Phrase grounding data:
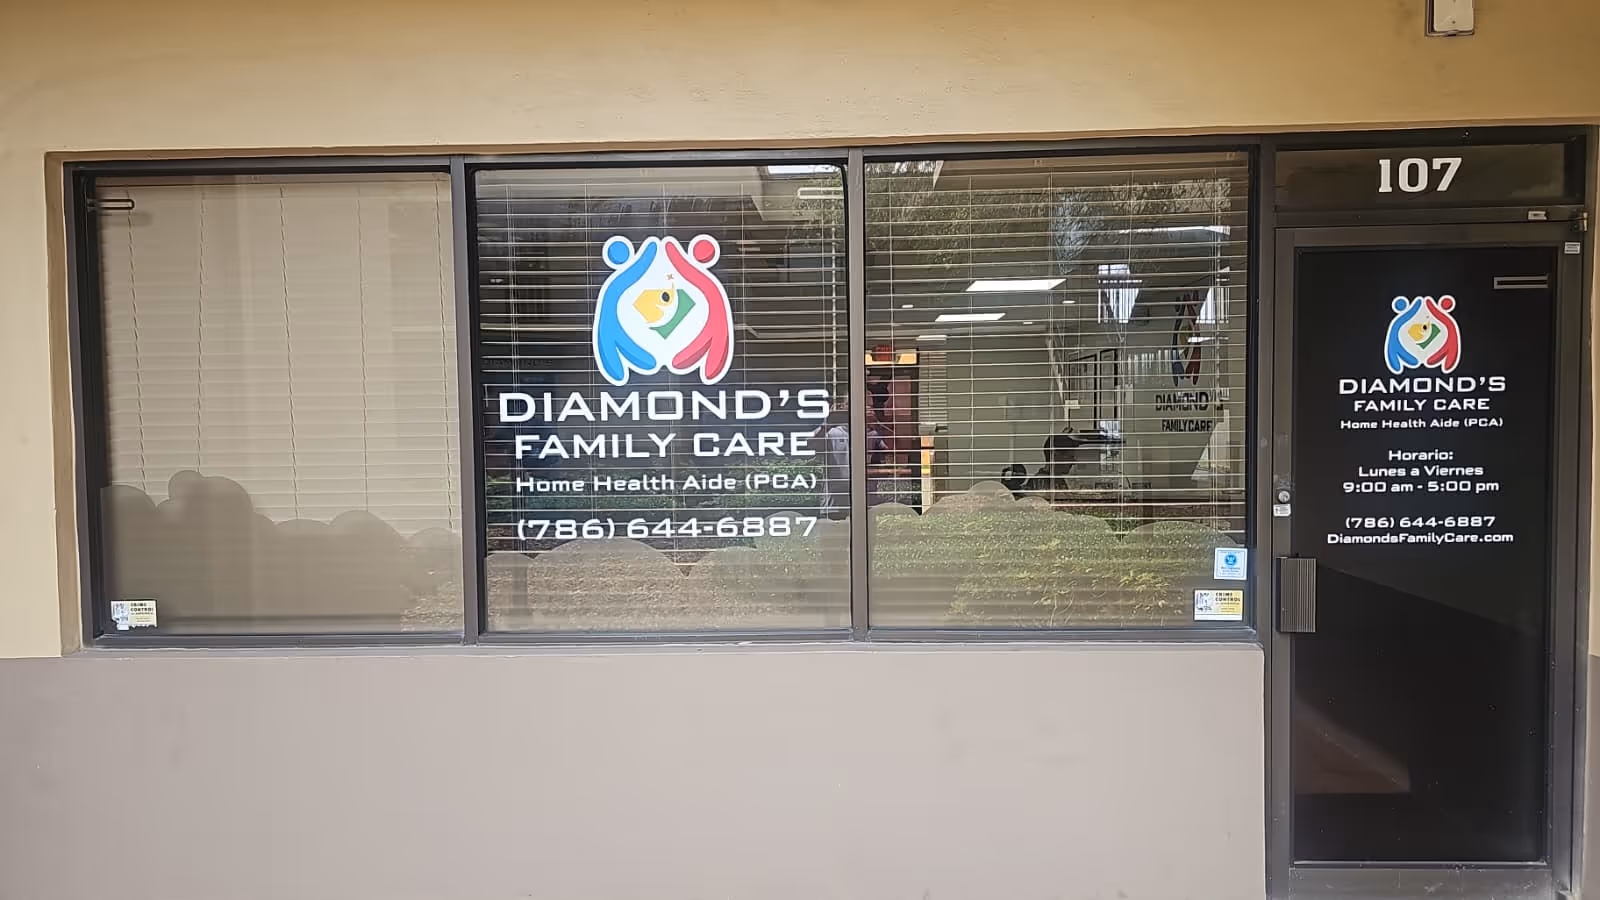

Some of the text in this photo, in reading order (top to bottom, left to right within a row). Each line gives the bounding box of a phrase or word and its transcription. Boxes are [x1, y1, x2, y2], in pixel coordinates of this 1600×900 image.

[1378, 157, 1462, 193] 107
[1339, 376, 1506, 394] DIAMOND'S
[499, 389, 830, 423] DIAMOND'S
[1354, 398, 1490, 412] FAMILY CARE
[1340, 417, 1504, 429] Home Health Aide (PCA)
[515, 431, 816, 460] FAMILY CARE
[1388, 449, 1454, 461] Horario:
[1358, 465, 1484, 477] Lunes a Viernes
[516, 473, 818, 492] Home Health Aide (PCA)
[1343, 481, 1387, 493] 9:00
[1391, 483, 1414, 492] am
[1427, 480, 1472, 492] 5:00
[1475, 482, 1500, 494] pm
[517, 516, 819, 541] (786) 644-6887
[1345, 515, 1497, 529] (786) 644-6887
[1327, 532, 1514, 545] DiamondsFamilyCare.com
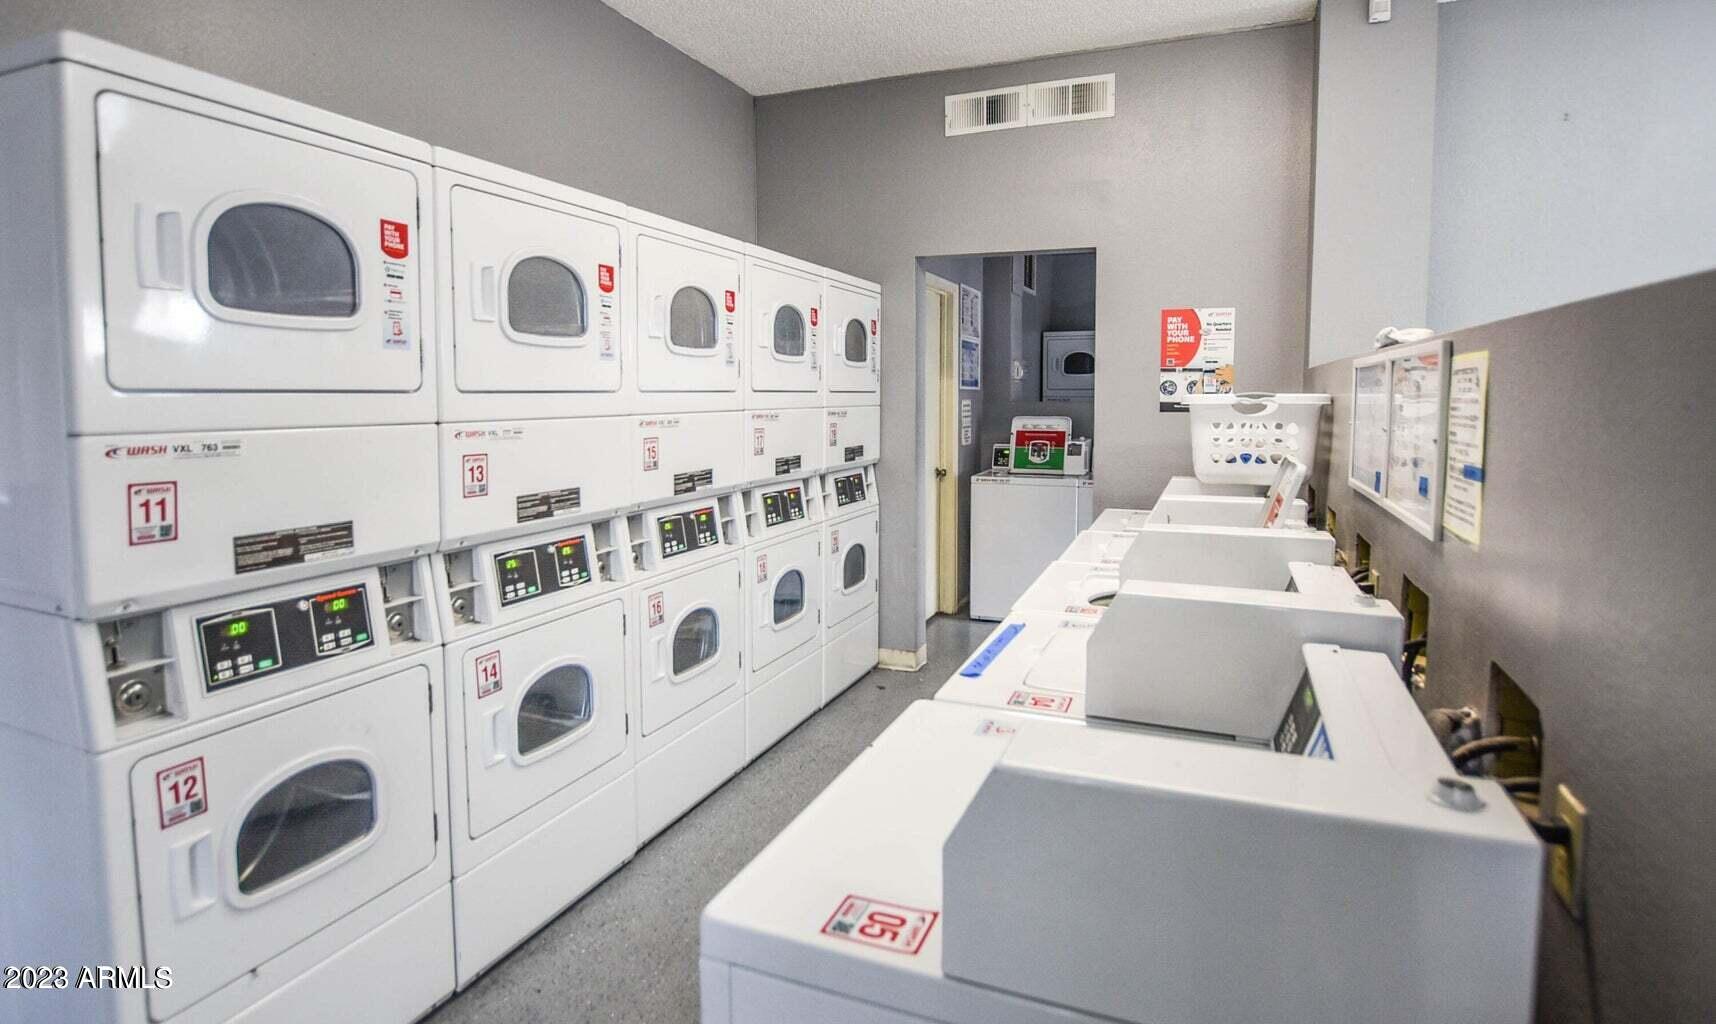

▶ _Exercise details_: Leave out the pictures, and write out all the remaining data above exactly.

▶ _Response box_:
Some of the text in this photo, in reading order (top to bottom, left to right within a row). Each line gives the bounding box of a phrase or word and its transcription. Boxes are [x1, y1, x2, y2], in pixel coordinates of this 1600×900 image.

[1378, 157, 1462, 193] 107
[1339, 376, 1506, 394] DIAMOND'S
[499, 389, 830, 423] DIAMOND'S
[1354, 398, 1490, 412] FAMILY CARE
[1340, 417, 1504, 429] Home Health Aide (PCA)
[515, 431, 816, 460] FAMILY CARE
[1388, 449, 1454, 461] Horario:
[1358, 465, 1484, 477] Lunes a Viernes
[516, 473, 818, 492] Home Health Aide (PCA)
[1343, 481, 1387, 493] 9:00
[1391, 483, 1414, 492] am
[1427, 480, 1472, 492] 5:00
[1475, 482, 1500, 494] pm
[517, 516, 819, 541] (786) 644-6887
[1345, 515, 1497, 529] (786) 644-6887
[1327, 532, 1514, 545] DiamondsFamilyCare.com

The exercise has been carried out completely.